I had been looking forward to telling my urologist that I was off diazepam, that I had both discovered and used it successfully for a nasty condition. I tapered it myself, after one internist suggested as I got older I had more of a fall risk taking it, which was true. I tapered it faster when my next internist ignored my refill order. Don’t get severe pain today, because physicians are scared of the feds coming down on them for opioids and other controlled substances scripts, even when diazepam is not an opioid.  We went from pain as a 5th vital sign to don’t ever give opioids. I’ve been on this pendulum before.

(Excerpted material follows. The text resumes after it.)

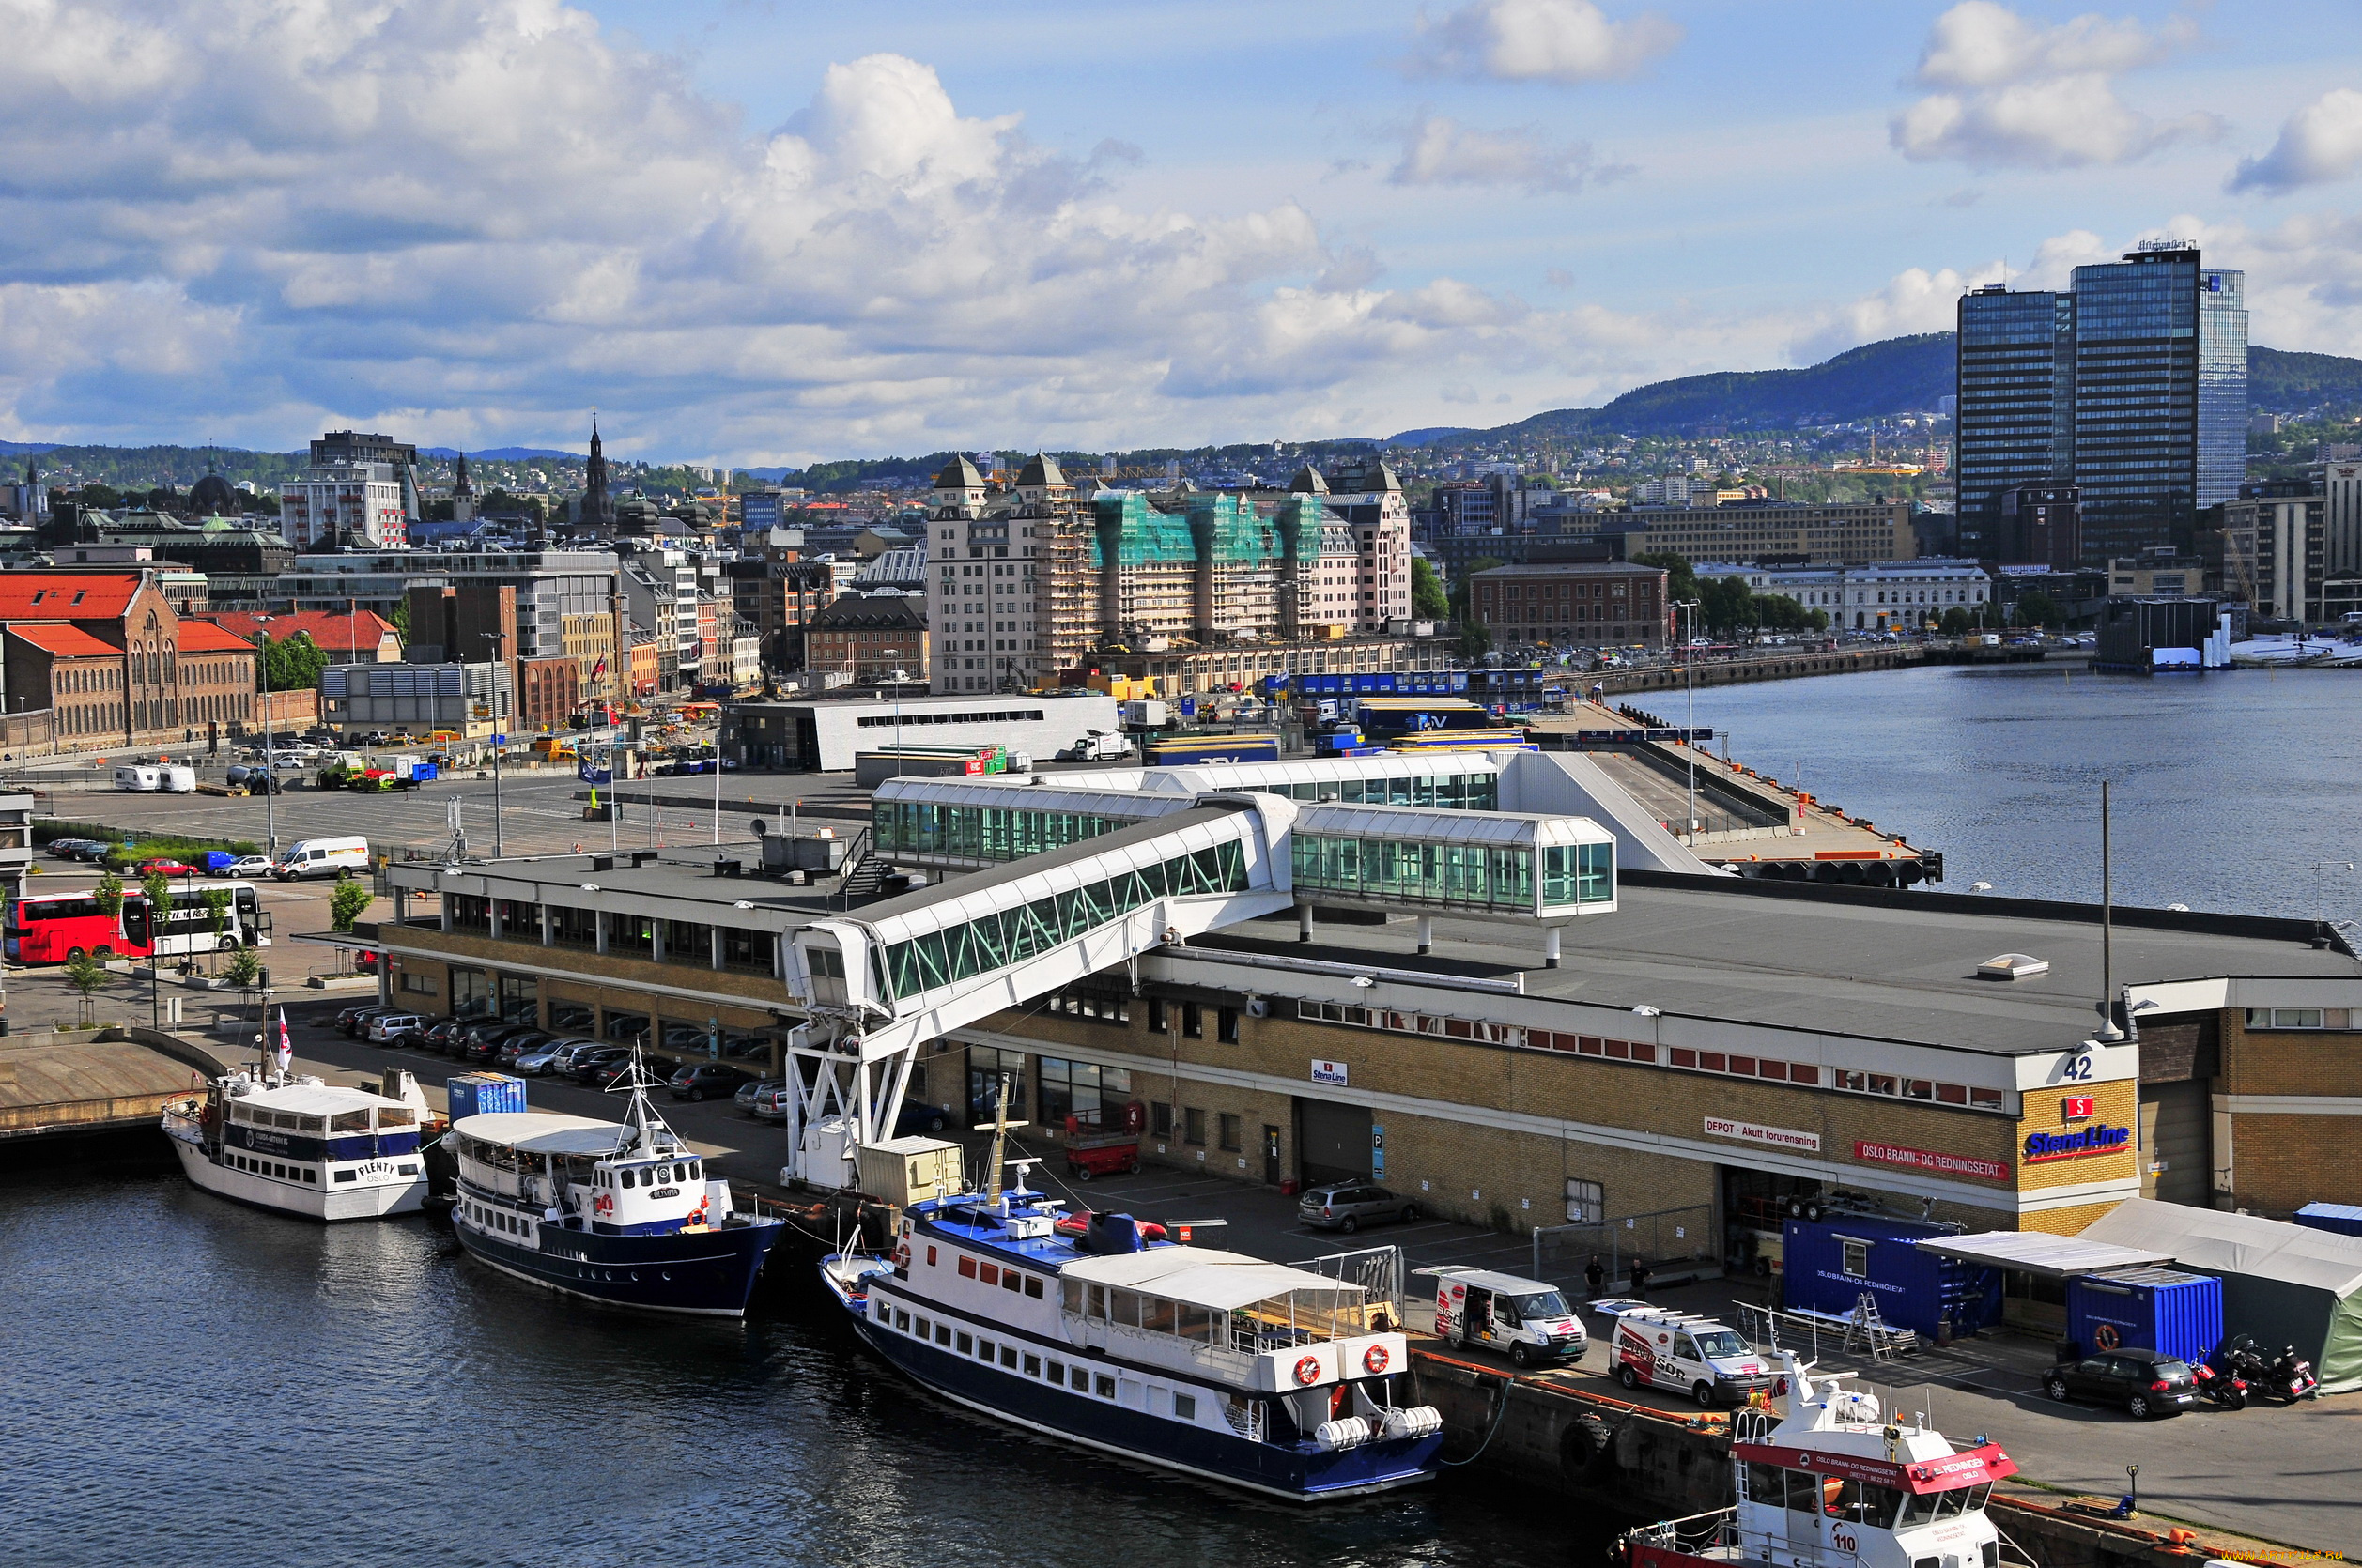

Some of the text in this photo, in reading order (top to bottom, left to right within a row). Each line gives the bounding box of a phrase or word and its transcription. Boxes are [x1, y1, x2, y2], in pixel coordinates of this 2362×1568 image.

I never got to talk to my urologist about the fact that some of my issues arise from other medications I am now taking.  This stuff happens at 70. I wanted to talk to him, because “Knowing is better than not knowing,” unless one is an old man with a stable condition and can be put off on a mid-level practitioner, rather than the physician.  I never did that when I was in practice.  I saw people, I returned their calls myself, I gave mountains of free advice and care, and I was a chump in another era.  But I was available, for better or for worse; for worse, if I were sleep-deprived, which was often. My office didn’t require people to make more than two 90 degree turns or walk more than 10 meters from the waiting room.  We didn’t need signs showing how to leave the sanctum sanctorum.  

It’s a different world.  

I wrote David and said I had missed him and had looked forward to seeing him.  I never got a reply.  That hurt.  It takes 24 seconds to send a polite blow off email.  I timed it once.  I sent an email to James deciding to take the medication we discussed, and several days later screwed up logging in to my patient portal, getting my account locked.  I waited and sent a couple of emails, and nothing happened.  A call finally settled everything, and I was told an email for me was on the portal, except it wasn’t.  Three days later, I got a three emails giving me a password to my account. Not being a digital native, I just thought it was a bad system, but digital is always better.

I thought that the bill would be less because I saw the midlevel and didn’t have a urinalysis, which I wanted to have.  It is, after all, a urology office.  One colleague told me that my bill would be the same. We were both wrong. It was $150 more than the prior year, when I saw the physician AND had not only a urinalysis but an ultrasound. My followup care charges in 1992 were $35. By medical inflation, they should now be $90. It was $350 for what I described above. We’ve lost something in 21st century medical care.  We are arguing as a nation as to who should and should not have care and how it is paid for.  Fair enough.  We need to do more, in my opinion.

But how the care is delivered is not unimportant. Knowing is better than not knowing.  And there is still important magic given by physicians who actually take time to see patients. That time matters.  Knowing matters. Laying on the hands matters.  I didn’t fully understand that when I was in practice.  I do fully understand it now.

And we have yet to fully address quality of care.  That’s for the 22nd century.